═════ DATA EXTRACTS

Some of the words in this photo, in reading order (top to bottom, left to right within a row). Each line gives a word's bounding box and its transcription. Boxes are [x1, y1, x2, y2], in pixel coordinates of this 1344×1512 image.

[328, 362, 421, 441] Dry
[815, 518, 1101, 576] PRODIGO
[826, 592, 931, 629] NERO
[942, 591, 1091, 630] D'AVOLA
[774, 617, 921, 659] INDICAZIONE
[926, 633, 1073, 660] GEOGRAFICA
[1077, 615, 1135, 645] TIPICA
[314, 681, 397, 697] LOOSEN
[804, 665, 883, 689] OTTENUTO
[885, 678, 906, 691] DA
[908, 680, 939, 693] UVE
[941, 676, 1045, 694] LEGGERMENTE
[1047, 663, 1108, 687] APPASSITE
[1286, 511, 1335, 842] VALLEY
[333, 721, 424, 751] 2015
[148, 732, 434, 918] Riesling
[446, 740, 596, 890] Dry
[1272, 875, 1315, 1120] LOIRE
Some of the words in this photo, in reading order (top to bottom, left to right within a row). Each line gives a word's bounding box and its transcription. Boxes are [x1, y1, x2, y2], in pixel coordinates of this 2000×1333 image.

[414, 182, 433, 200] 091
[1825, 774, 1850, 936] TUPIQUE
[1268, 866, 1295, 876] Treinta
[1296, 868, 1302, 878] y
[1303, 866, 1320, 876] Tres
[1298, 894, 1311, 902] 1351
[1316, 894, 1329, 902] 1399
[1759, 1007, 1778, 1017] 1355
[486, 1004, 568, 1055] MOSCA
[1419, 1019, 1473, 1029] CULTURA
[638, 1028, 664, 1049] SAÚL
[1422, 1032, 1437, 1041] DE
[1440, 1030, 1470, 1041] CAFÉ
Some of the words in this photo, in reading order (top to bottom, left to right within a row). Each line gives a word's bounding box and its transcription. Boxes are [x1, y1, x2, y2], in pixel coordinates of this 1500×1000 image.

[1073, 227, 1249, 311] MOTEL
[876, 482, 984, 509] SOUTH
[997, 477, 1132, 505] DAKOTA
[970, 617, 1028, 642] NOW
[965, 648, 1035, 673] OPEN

══════════

__EXERCISE REQUIREMENTS__: Beginning at the line that holds "this 1500×1000 image.", write out word for word each line through the end of the records.

__RESPONSE TO THE EXERCISE__:
Some of the words in this photo, in reading order (top to bottom, left to right within a row). Each line gives a word's bounding box and its transcription. Boxes are [x1, y1, x2, y2], in pixel coordinates of this 1500×1000 image.

[1073, 227, 1249, 311] MOTEL
[876, 482, 984, 509] SOUTH
[997, 477, 1132, 505] DAKOTA
[970, 617, 1028, 642] NOW
[965, 648, 1035, 673] OPEN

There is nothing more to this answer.